In your recent article titled; "RV Tire Safety: Is the temperature reading of your TPMS correct? Probably, BUT…", you state; "I started this post by saying I did not think that a TPMS or an IR gun were reliable tools for predicting an impending tire failure based on the reported temperature."  In the article you tell us why these two items were not a reliable tools for predicting an impending tire failure, but you didn't tell us tools for predicting an impending tire failure

Looking forward to learning from you what are reliable tools for predicting an impending tire failure.

 Roger Marble
(@Roger Marble)
Joined: 6 months ago
Posts: 54

I am not aware of any "tool" or device that can reliably "predict" a tire failure.

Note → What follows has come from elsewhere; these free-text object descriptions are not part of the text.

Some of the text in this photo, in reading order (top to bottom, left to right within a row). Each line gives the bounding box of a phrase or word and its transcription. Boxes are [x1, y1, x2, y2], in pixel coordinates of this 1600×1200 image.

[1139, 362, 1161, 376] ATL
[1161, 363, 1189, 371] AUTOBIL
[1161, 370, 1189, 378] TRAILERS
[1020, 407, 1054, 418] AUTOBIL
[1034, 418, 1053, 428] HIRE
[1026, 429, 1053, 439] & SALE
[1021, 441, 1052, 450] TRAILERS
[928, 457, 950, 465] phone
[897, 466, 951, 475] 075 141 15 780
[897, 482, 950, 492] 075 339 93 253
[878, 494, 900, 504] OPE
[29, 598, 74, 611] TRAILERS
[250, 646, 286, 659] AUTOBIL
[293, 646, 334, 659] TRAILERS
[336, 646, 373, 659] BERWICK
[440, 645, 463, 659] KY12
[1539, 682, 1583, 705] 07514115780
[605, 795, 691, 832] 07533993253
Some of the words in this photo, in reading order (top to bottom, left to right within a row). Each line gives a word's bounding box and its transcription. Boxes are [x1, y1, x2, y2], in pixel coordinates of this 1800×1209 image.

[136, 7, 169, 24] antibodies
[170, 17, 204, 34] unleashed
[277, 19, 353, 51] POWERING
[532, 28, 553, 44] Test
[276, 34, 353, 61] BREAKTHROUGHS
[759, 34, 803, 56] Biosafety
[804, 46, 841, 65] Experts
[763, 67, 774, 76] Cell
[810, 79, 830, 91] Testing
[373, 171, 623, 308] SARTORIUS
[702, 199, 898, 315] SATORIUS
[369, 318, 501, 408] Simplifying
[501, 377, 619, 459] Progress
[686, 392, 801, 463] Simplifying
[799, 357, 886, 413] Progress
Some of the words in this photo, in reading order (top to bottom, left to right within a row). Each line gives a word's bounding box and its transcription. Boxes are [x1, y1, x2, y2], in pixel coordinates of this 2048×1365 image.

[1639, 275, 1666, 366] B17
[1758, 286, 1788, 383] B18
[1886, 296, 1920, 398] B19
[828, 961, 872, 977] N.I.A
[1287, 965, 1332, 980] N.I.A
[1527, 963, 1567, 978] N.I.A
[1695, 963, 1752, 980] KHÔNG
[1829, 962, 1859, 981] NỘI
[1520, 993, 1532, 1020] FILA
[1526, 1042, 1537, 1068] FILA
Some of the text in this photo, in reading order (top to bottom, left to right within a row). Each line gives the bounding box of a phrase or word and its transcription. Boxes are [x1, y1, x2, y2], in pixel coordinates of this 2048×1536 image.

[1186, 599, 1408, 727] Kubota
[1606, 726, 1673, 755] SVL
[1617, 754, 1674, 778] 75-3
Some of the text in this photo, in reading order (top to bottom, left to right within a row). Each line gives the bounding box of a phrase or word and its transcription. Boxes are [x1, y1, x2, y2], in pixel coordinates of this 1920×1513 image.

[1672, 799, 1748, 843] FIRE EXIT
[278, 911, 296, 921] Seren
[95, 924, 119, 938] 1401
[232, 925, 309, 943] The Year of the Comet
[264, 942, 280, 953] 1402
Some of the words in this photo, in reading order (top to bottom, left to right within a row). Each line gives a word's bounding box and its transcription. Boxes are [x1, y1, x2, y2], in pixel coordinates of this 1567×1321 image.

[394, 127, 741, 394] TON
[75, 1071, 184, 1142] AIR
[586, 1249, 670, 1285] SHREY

However, if you have properly programmed your TPMS you can expect a tire to fail if you choose to ignore the low-pressure warning from the TPMS. However, a TPMS can not tell you the exact mileage before failure i.e. "The tire will fail in 5.3 miles" because there are too many other factors such as load and temperature, I would think that you might have 3 to 10 miles after the warning sounds, assuming highway speed and loads above 75% of the max load rating for the tire and the tire has NEVER been run under the level needed to support the actual load and the tire is not damaged from external cut or impact.

Belt separations are different and harder to predict as modern steel-belted radials can run for thousands of miles with small (1/4" range) internal cracks I.e. separations  IF  you never run more than 80% of max load or ever hit a pothole.

Now I am confident that you are not happy with my answer but the reality is that the infinite variations in Load, Speed, and operating temperature history present a history that is too complex for anyone to calculate tire life. Especially when you introduce the reality of the 100% failure rate between 5 and 8,000 miles found in the study I covered in this post.